[Image-backed grounding data]
++++++++++++++++++++
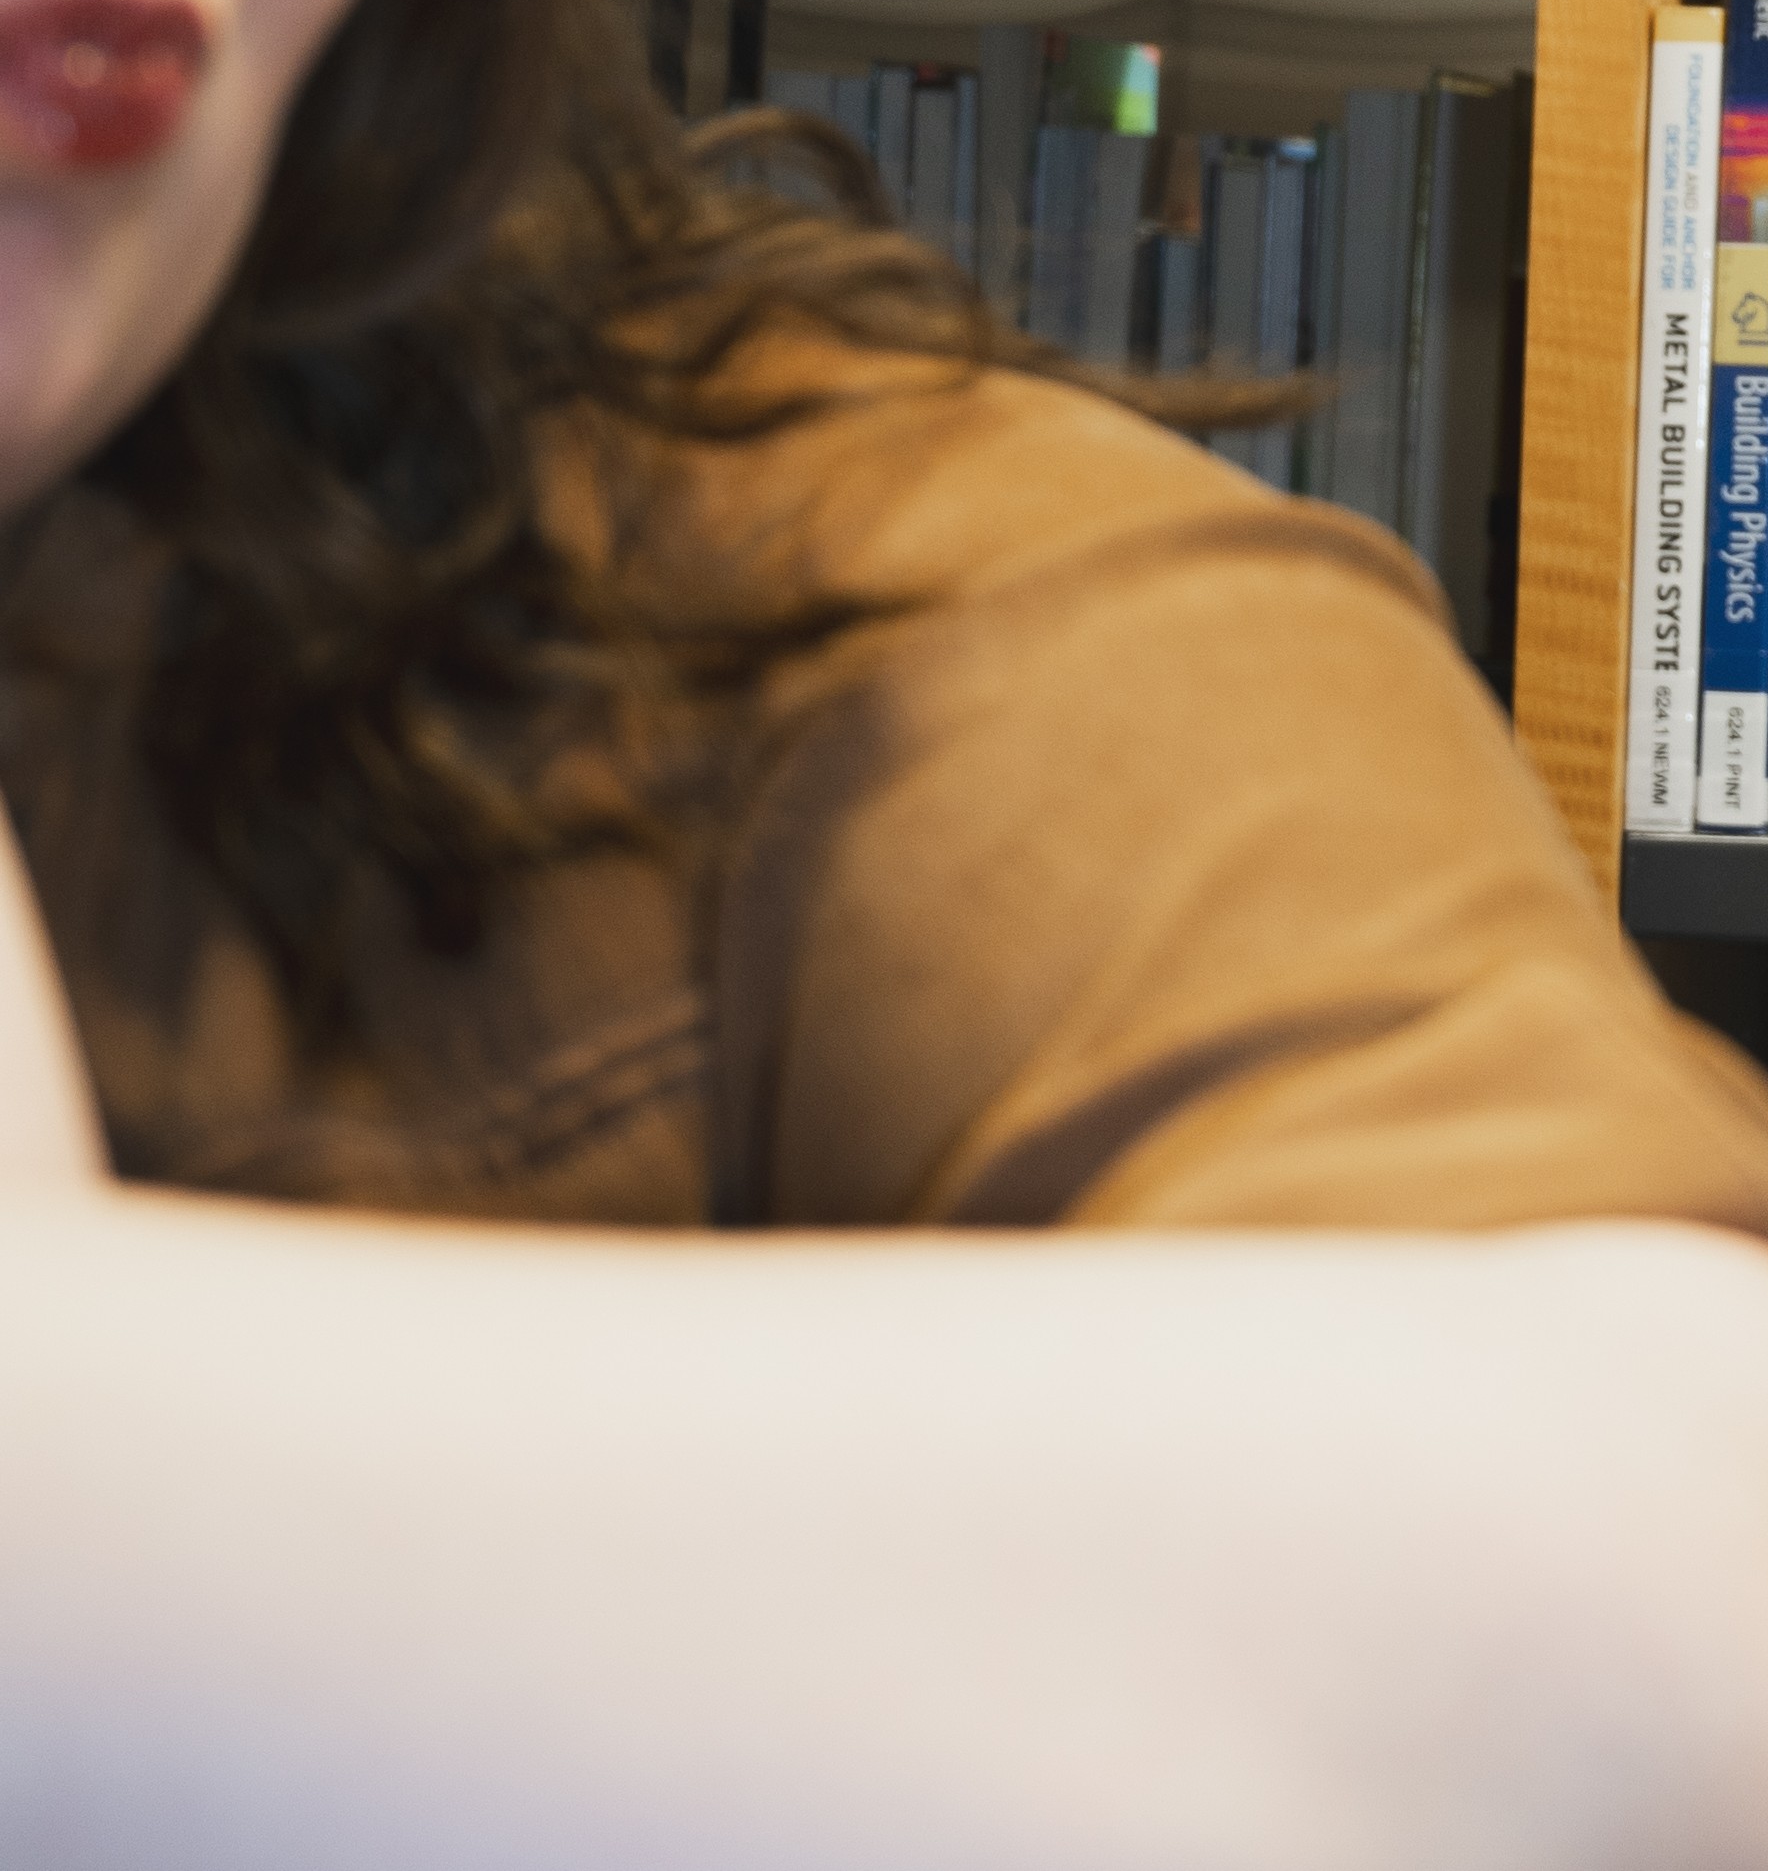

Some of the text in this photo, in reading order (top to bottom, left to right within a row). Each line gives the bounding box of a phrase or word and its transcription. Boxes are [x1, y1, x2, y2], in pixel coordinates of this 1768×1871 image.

[1661, 124, 1682, 291] DESIGN GUIDE FOR
[1683, 171, 1700, 213] AND
[1663, 312, 1690, 414] METAL
[1657, 423, 1688, 574] BUILDING
[1717, 510, 1768, 624] Physics
[1651, 741, 1671, 807] NEWM
[1724, 763, 1743, 810] PINT
++++++++++++++++++++
YOUR OBJECTIVE: A word-for-word repetition of the data above, without pictures, is the expected answer.

RESPONSE TO THIS EXERCISE:
Some of the text in this photo, in reading order (top to bottom, left to right within a row). Each line gives the bounding box of a phrase or word and its transcription. Boxes are [x1, y1, x2, y2], in pixel coordinates of this 1768×1871 image.

[1661, 124, 1682, 291] DESIGN GUIDE FOR
[1683, 171, 1700, 213] AND
[1663, 312, 1690, 414] METAL
[1657, 423, 1688, 574] BUILDING
[1717, 510, 1768, 624] Physics
[1651, 741, 1671, 807] NEWM
[1724, 763, 1743, 810] PINT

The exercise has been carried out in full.